▸ **Records supplied**:
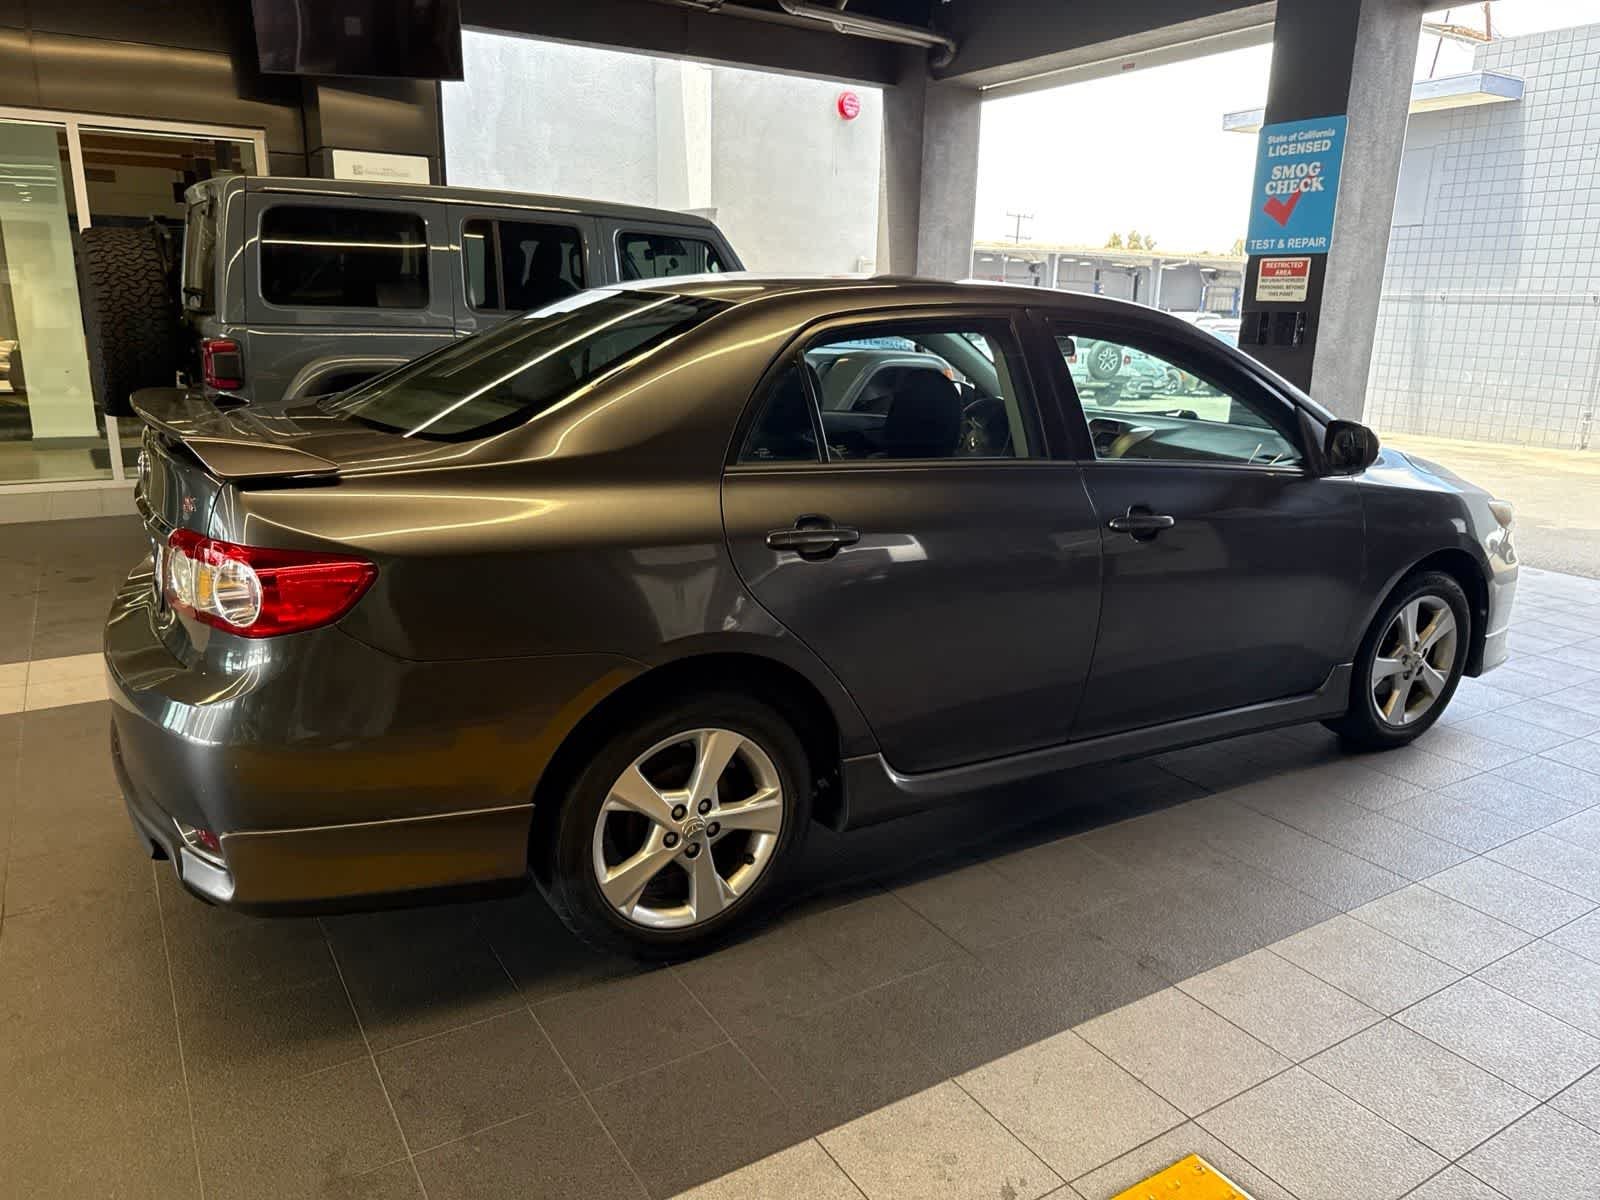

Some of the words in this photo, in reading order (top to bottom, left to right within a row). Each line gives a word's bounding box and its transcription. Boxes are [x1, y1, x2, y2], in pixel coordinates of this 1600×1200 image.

[1267, 135, 1287, 144] State
[1288, 132, 1298, 142] of
[1298, 128, 1335, 141] California
[1268, 139, 1332, 157] LICENSED
[1271, 161, 1321, 180] SMOG
[1264, 176, 1325, 195] CHECK
[1250, 239, 1275, 250] TEST
[1277, 238, 1285, 249] &
[1287, 236, 1327, 249] REPAIR
[1264, 261, 1304, 269] RESTRICTED

▸ **What this task involves**: For this task, give the full listing again verbatim and keep out every picture.

▸ **Response**:
Some of the words in this photo, in reading order (top to bottom, left to right within a row). Each line gives a word's bounding box and its transcription. Boxes are [x1, y1, x2, y2], in pixel coordinates of this 1600×1200 image.

[1267, 135, 1287, 144] State
[1288, 132, 1298, 142] of
[1298, 128, 1335, 141] California
[1268, 139, 1332, 157] LICENSED
[1271, 161, 1321, 180] SMOG
[1264, 176, 1325, 195] CHECK
[1250, 239, 1275, 250] TEST
[1277, 238, 1285, 249] &
[1287, 236, 1327, 249] REPAIR
[1264, 261, 1304, 269] RESTRICTED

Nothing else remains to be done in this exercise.